Recently I have working on a proper HDR with autoexposure, and adding a new shiny bloom effect. In process, improved quality of MSAA, and many other things. Now, finally, SE is able to display very large difference of brightmess, and true relative brightness of objects.

Earth and Moon. Relative brightness must be adjusted for all Solar system bodies. More precisely, scripts will have a physical-based parameters for textures calibration. Something like MinPixelBright and MaxPixelBright in some physical units like luxes.

Saturn and Titan. No stars visible!

Pluto and Charon. Stars are visible (although their brightness is still not calibrated, so this may be wrong).

Saturn and Mimas with shiny glow.

Earth’s night side. Atmosphere is glowing not in red color, as expected… I have to tweak the atmospheric scattering code. There is a tail of the comet Encke visible in top left (comets brightness is not calibrated yet).

ISS over night side of the Earth. Starry sky, city lights, aurora, clouds and ISS are illuminated with a moonshine. I can use real photos from ISS to calibrate such scene.

When ISS enters sunlight, it looks almost like explosion, until virtual “eye” adapts to a high brightness.

Ship’s light in the “night”. Looks too shiny?

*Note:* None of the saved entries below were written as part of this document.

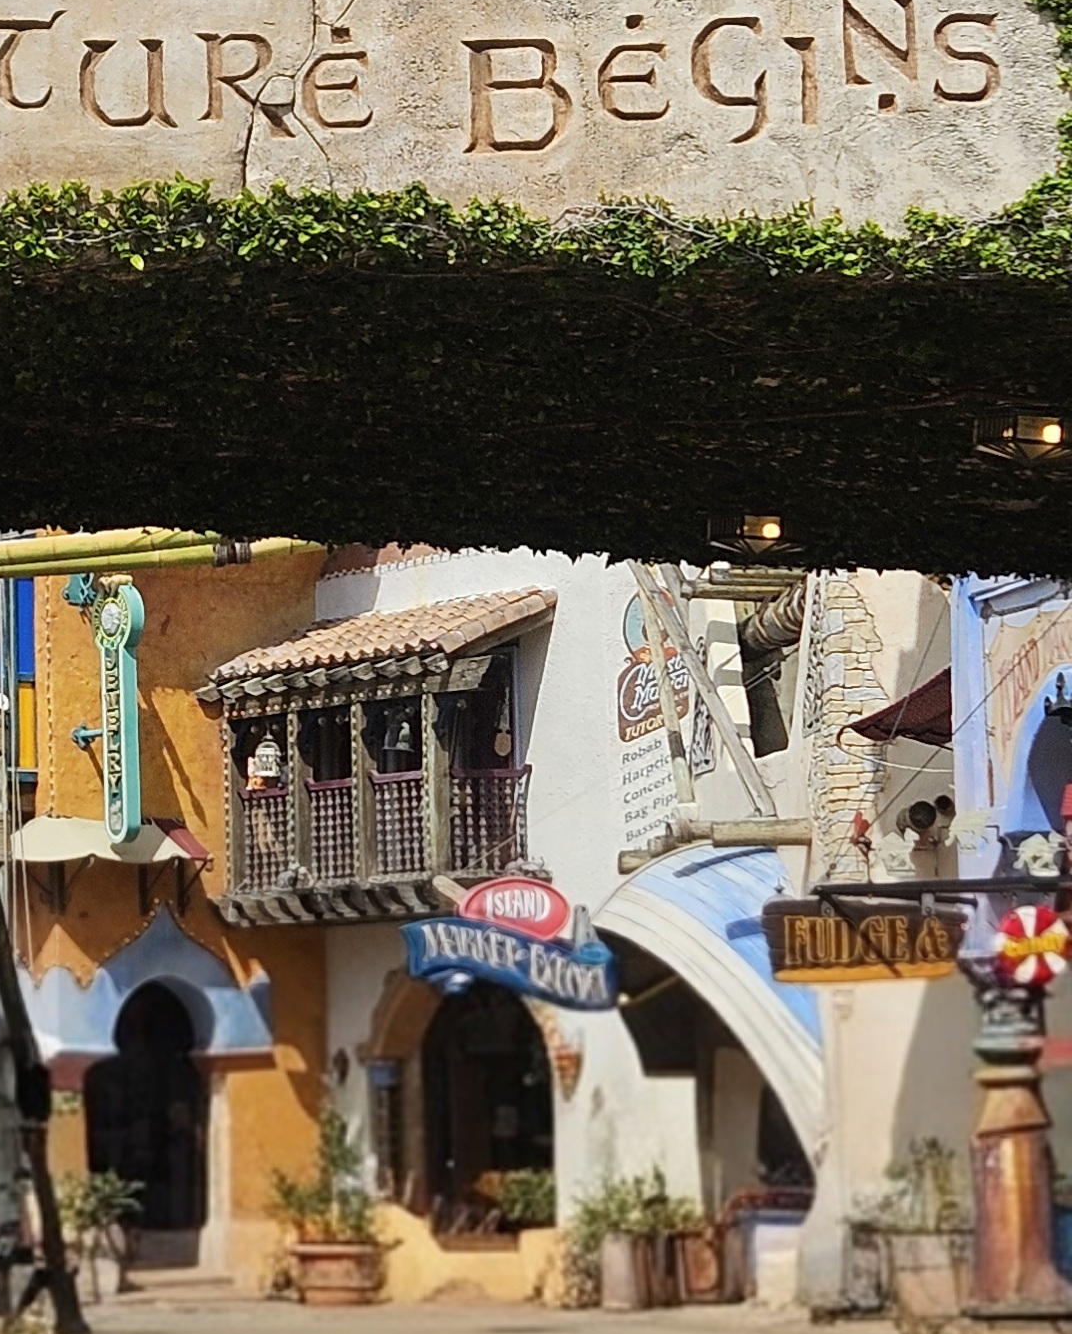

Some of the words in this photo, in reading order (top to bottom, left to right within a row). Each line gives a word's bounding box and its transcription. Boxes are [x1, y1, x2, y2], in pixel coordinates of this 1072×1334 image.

[622, 739, 662, 765] Robab
[623, 773, 673, 804] Concert
[624, 806, 649, 823] Bag
[484, 887, 551, 922] ISLAND
[421, 922, 518, 969] MARKET
[784, 915, 910, 965] FUDGE
[915, 916, 949, 962] &

Radiator’s glow is too bright and too hot, it must be separated in its own texture, controlled by the graphics engine.

Engine exhaust looks extremely bright, because its brightness is calibrated for the the next picture.

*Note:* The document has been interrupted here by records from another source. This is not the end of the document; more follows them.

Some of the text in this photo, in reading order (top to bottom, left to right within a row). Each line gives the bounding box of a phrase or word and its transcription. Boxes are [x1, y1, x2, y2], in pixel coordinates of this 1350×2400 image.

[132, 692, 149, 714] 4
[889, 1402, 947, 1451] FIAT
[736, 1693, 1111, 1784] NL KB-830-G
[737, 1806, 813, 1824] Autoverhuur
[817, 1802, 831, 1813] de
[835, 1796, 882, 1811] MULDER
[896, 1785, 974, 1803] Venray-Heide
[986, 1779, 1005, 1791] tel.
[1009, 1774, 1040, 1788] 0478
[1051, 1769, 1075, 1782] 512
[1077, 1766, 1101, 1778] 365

In the “day”, engine exhaust is barely visible. This is why its brighness was so extreme. Radiators glow and lights are completely invisible.

Molten planets looks interesting in the Solar system browser.

Glowing lava now looks really “glowing” (that is a planet in the sky, but it is so bright compared to the night moon’s surface, so it is being overexposed).

“Interstellar-style” black hole looks much better with a new bloom.

With HDR, it is now easy to explore extremely bright object such as stars and accretion disks. Autoexposure speed is a bit too slow in this case (and adaptation back to starry sky), I have to derive a better formula.